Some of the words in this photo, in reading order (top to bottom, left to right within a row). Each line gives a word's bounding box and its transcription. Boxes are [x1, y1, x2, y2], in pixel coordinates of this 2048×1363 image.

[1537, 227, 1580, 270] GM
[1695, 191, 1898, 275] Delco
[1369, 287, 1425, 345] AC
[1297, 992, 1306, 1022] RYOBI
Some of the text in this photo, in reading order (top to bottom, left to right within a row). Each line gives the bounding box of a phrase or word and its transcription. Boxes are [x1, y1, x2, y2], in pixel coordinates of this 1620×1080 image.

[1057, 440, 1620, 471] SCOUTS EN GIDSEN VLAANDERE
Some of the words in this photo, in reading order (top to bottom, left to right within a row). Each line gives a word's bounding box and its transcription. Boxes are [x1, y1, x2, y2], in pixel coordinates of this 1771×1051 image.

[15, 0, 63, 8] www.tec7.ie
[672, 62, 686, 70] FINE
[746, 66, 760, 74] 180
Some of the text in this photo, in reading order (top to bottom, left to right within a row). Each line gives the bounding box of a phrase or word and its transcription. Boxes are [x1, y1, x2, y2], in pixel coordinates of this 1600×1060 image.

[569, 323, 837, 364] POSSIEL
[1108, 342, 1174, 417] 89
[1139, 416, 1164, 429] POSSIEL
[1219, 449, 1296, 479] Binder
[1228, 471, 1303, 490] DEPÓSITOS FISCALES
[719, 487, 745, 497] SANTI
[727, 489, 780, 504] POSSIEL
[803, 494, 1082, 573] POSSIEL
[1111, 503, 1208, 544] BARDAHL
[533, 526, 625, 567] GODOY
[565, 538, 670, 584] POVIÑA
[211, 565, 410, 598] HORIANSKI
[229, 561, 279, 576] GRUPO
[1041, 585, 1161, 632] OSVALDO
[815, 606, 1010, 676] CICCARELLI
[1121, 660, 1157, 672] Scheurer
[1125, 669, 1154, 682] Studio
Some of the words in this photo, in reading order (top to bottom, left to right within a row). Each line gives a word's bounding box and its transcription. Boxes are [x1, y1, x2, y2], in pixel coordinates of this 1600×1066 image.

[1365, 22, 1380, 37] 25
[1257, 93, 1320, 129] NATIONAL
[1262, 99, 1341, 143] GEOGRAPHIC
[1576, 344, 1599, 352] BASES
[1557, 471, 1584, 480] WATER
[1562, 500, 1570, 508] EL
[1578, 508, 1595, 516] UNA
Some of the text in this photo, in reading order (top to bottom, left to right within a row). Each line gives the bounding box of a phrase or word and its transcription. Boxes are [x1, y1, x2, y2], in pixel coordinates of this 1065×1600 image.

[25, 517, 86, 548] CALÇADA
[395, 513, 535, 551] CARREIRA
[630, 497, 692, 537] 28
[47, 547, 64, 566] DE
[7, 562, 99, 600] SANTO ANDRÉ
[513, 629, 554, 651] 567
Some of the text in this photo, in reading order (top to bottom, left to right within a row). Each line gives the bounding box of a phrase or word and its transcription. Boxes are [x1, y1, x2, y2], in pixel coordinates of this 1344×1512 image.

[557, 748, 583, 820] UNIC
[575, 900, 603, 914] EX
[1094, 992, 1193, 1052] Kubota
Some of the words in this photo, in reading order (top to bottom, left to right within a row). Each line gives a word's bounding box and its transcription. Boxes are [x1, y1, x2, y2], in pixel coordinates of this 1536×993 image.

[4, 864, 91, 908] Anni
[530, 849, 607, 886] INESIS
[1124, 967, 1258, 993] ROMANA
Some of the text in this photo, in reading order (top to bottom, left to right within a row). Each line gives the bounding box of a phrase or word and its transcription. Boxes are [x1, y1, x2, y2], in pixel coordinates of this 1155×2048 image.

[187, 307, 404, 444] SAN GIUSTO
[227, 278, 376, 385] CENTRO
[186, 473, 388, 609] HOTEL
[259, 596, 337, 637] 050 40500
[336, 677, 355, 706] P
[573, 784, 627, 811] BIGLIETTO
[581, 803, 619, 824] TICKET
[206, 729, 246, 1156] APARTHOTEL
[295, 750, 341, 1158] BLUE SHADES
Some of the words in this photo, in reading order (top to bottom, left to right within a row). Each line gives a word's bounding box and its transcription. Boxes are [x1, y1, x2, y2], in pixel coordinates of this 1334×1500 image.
+++
● WORK INSTRUCTIONS
The response should be a verbatim transcription of the data.

● ANSWER SECTION
Some of the words in this photo, in reading order (top to bottom, left to right within a row). Each line gives a word's bounding box and its transcription. Boxes are [x1, y1, x2, y2], in pixel coordinates of this 2048×1363 image.

[1537, 227, 1580, 270] GM
[1695, 191, 1898, 275] Delco
[1369, 287, 1425, 345] AC
[1297, 992, 1306, 1022] RYOBI
Some of the text in this photo, in reading order (top to bottom, left to right within a row). Each line gives the bounding box of a phrase or word and its transcription. Boxes are [x1, y1, x2, y2], in pixel coordinates of this 1620×1080 image.

[1057, 440, 1620, 471] SCOUTS EN GIDSEN VLAANDERE
Some of the words in this photo, in reading order (top to bottom, left to right within a row). Each line gives a word's bounding box and its transcription. Boxes are [x1, y1, x2, y2], in pixel coordinates of this 1771×1051 image.

[15, 0, 63, 8] www.tec7.ie
[672, 62, 686, 70] FINE
[746, 66, 760, 74] 180
Some of the text in this photo, in reading order (top to bottom, left to right within a row). Each line gives the bounding box of a phrase or word and its transcription. Boxes are [x1, y1, x2, y2], in pixel coordinates of this 1600×1060 image.

[569, 323, 837, 364] POSSIEL
[1108, 342, 1174, 417] 89
[1139, 416, 1164, 429] POSSIEL
[1219, 449, 1296, 479] Binder
[1228, 471, 1303, 490] DEPÓSITOS FISCALES
[719, 487, 745, 497] SANTI
[727, 489, 780, 504] POSSIEL
[803, 494, 1082, 573] POSSIEL
[1111, 503, 1208, 544] BARDAHL
[533, 526, 625, 567] GODOY
[565, 538, 670, 584] POVIÑA
[211, 565, 410, 598] HORIANSKI
[229, 561, 279, 576] GRUPO
[1041, 585, 1161, 632] OSVALDO
[815, 606, 1010, 676] CICCARELLI
[1121, 660, 1157, 672] Scheurer
[1125, 669, 1154, 682] Studio
Some of the words in this photo, in reading order (top to bottom, left to right within a row). Each line gives a word's bounding box and its transcription. Boxes are [x1, y1, x2, y2], in pixel coordinates of this 1600×1066 image.

[1365, 22, 1380, 37] 25
[1257, 93, 1320, 129] NATIONAL
[1262, 99, 1341, 143] GEOGRAPHIC
[1576, 344, 1599, 352] BASES
[1557, 471, 1584, 480] WATER
[1562, 500, 1570, 508] EL
[1578, 508, 1595, 516] UNA
Some of the text in this photo, in reading order (top to bottom, left to right within a row). Each line gives the bounding box of a phrase or word and its transcription. Boxes are [x1, y1, x2, y2], in pixel coordinates of this 1065×1600 image.

[25, 517, 86, 548] CALÇADA
[395, 513, 535, 551] CARREIRA
[630, 497, 692, 537] 28
[47, 547, 64, 566] DE
[7, 562, 99, 600] SANTO ANDRÉ
[513, 629, 554, 651] 567
Some of the text in this photo, in reading order (top to bottom, left to right within a row). Each line gives the bounding box of a phrase or word and its transcription. Boxes are [x1, y1, x2, y2], in pixel coordinates of this 1344×1512 image.

[557, 748, 583, 820] UNIC
[575, 900, 603, 914] EX
[1094, 992, 1193, 1052] Kubota
Some of the words in this photo, in reading order (top to bottom, left to right within a row). Each line gives a word's bounding box and its transcription. Boxes are [x1, y1, x2, y2], in pixel coordinates of this 1536×993 image.

[4, 864, 91, 908] Anni
[530, 849, 607, 886] INESIS
[1124, 967, 1258, 993] ROMANA
Some of the text in this photo, in reading order (top to bottom, left to right within a row). Each line gives the bounding box of a phrase or word and its transcription. Boxes are [x1, y1, x2, y2], in pixel coordinates of this 1155×2048 image.

[187, 307, 404, 444] SAN GIUSTO
[227, 278, 376, 385] CENTRO
[186, 473, 388, 609] HOTEL
[259, 596, 337, 637] 050 40500
[336, 677, 355, 706] P
[573, 784, 627, 811] BIGLIETTO
[581, 803, 619, 824] TICKET
[206, 729, 246, 1156] APARTHOTEL
[295, 750, 341, 1158] BLUE SHADES
Some of the words in this photo, in reading order (top to bottom, left to right within a row). Each line gives a word's bounding box and its transcription. Boxes are [x1, y1, x2, y2], in pixel coordinates of this 1334×1500 image.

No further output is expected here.